Item 23.

Open Questions                                  updated 01-JUN-1993 by SIC
--------------                                  original by John Baez

        While for the most part a FAQ covers the answers to frequently
asked questions whose answers are known, in physics there are also plenty
of simple and interesting questions whose answers are not known. Before you
set about answering these questions on your own, it's worth noting that
while nobody knows what the answers are, there has been at least a little,
and sometimes a great deal, of work already done on these subjects. People
have said a lot of very intelligent things about many of these questions.
So do plenty of research and ask around before you try to cook up a theory
that'll answer one of these and win you the Nobel prize!  You can expect to
really know physics inside and out before you make any progress on these.

        The following partial list of "open" questions is divided into two
groups, Cosmology and Astrophysics, and Particle and Quantum Physics.
However, given the implications of particle physics on cosmology, the
division is somewhat artificial, and, consequently, the categorization is
somewhat arbitrary.

        (There are many other interesting and fundamental questions in
fields such as condensed matter physics, nonlinear dynamics, etc., which
are not part of the set of related questions in cosmology and quantum
physics which are discussed below.  Their omission is not a judgement
about importance, but merely a decision about the scope of this article.)

Cosmology and Astrophysics
--------------------------

1.  What happened at, or before the Big Bang?  Was there really an initial
singularity?  Of course, this question might not make sense, but it might.
Does the history of universe go back in time forever, or only a finite
amount?

2.  Will the future of the universe go on forever or not?  Will there be a
"big crunch" in the future?  Is the Universe infinite in spatial extent?

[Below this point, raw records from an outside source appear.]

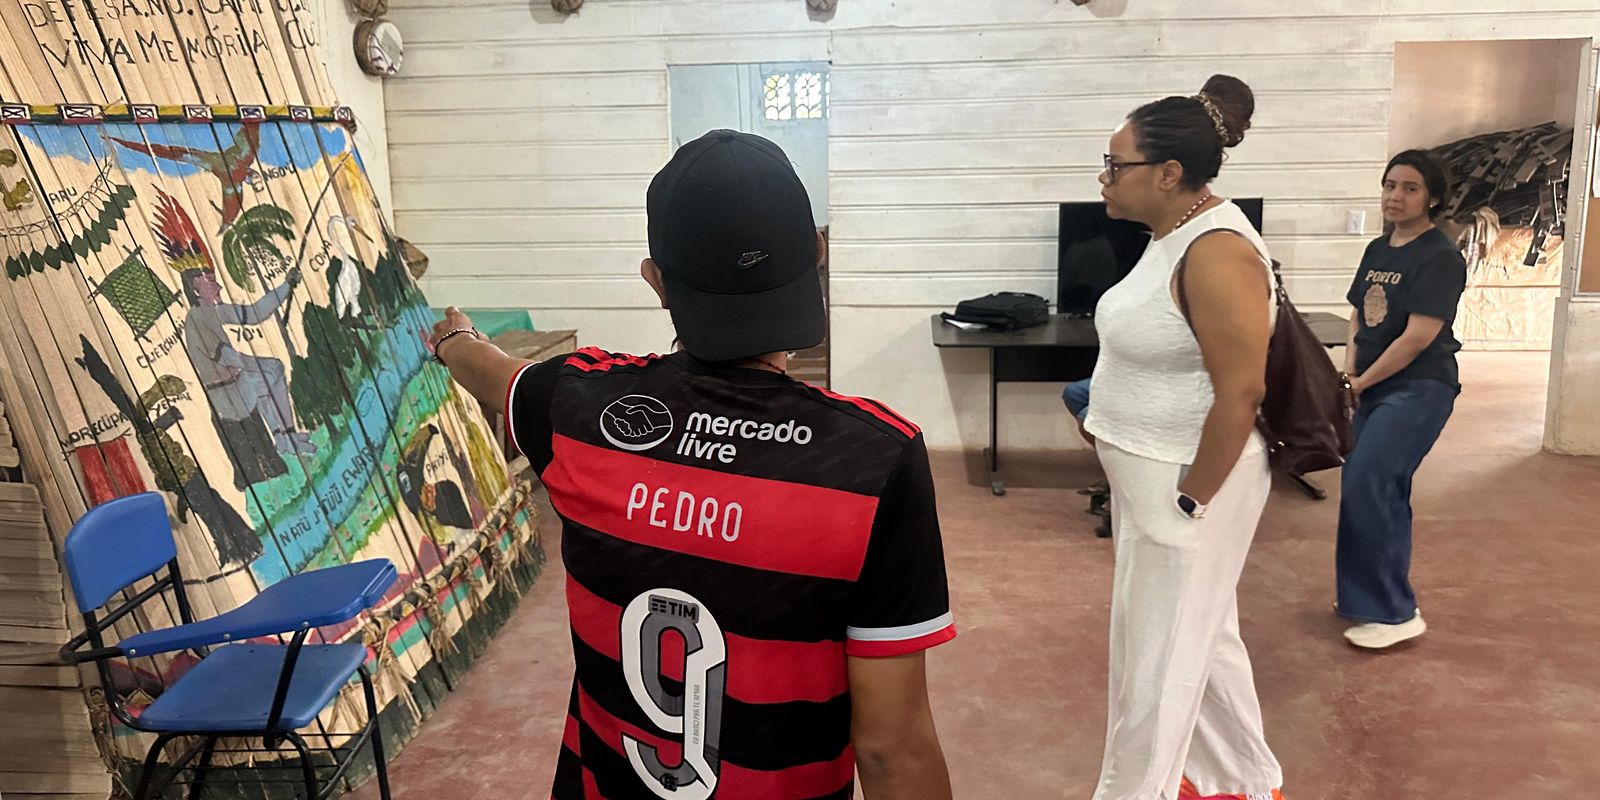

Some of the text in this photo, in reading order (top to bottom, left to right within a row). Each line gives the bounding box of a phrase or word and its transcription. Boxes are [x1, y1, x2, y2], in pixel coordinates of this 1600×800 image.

[49, 186, 77, 204] ARU
[1365, 270, 1402, 284] PORTO
[686, 412, 812, 445] mercado
[677, 433, 737, 463] livre
[627, 482, 742, 542] PEDRO
[669, 602, 697, 620] TIM
[621, 588, 726, 800] 9

3.  Why is there an arrow of time; that is, why is the future so much
different from the past?

4.  Is spacetime really four-dimensional?   If so, why - or is that just a
silly question?  Or is spacetime not really a manifold at all if examined
on a short enough distance scale?

5.  Do black holes really exist?  (It sure seems like it.)  Do they really
radiate energy and evaporate the way Hawking predicts?  If so, what happens
when, after a finite amount of time, they radiate completely away?  What's
left?  Do black holes really violate all conservation laws except
conservation of energy, momentum, angular momentum and electric charge?
What happens to the information contained in an object that falls into a
black hole?  Is it lost when the black hole evaporates?  Does this require
a modification of quantum mechanics?

6.  Is the Cosmic Censorship Hypothesis true?  Roughly, for generic
collapsing isolated gravitational systems are the singularities that might
develop guaranteed to be hidden beyond a smooth event horizon?  If Cosmic
Censorship fails, what are these naked singularities like?  That is, what
weird physical consequences would they have?

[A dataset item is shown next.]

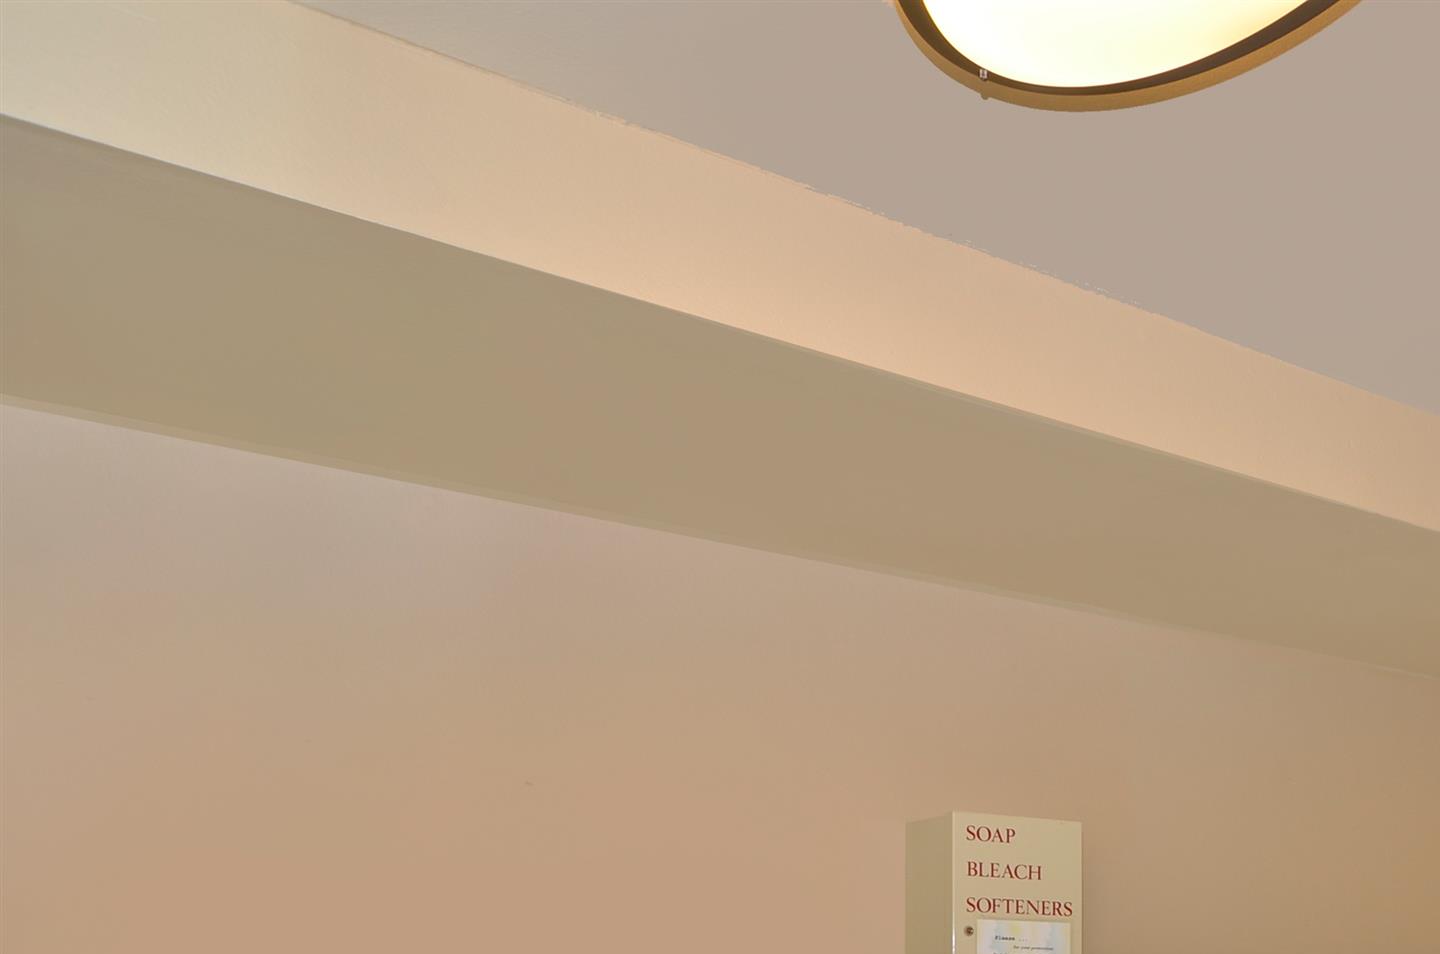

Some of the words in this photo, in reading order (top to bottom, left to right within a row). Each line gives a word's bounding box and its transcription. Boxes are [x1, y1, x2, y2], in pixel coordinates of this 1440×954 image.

[966, 825, 1016, 844] SOAP
[967, 861, 1042, 880] BLEACH
[966, 897, 1073, 917] SOFTENERS

7.  Why are the galaxies distributed in clumps and filaments?  Is most of
the matter in the universe baryonic?  Is this a matter to be resolved by
new physics?

8.  What is the nature of the missing "Dark Matter"?  Is it baryonic,
neutrinos, or something more exotic?

Particle and Quantum Physics
----------------------------

1.  Why are the laws of physics not symmetrical between left and right,
future and past, and between matter and antimatter?  I.e., what is the
mechanism of CP violation, and what is the origin of parity violation in
Weak interactions?  Are there right-handed Weak currents too weak to have
been detected so far?  If so, what broke the symmetry?  Is CP violation
explicable entirely within the Standard Model, or is some new force or
mechanism required?

2.  Why are the strengths of the fundamental forces (electromagnetism, weak
and strong forces, and gravity) what they are?  For example, why is the
fine structure constant, which measures the strength of electromagnetism,
about 1/137.036?  Where did this dimensionless constant of nature come from?
Do the forces really become Grand Unified at sufficiently high energy?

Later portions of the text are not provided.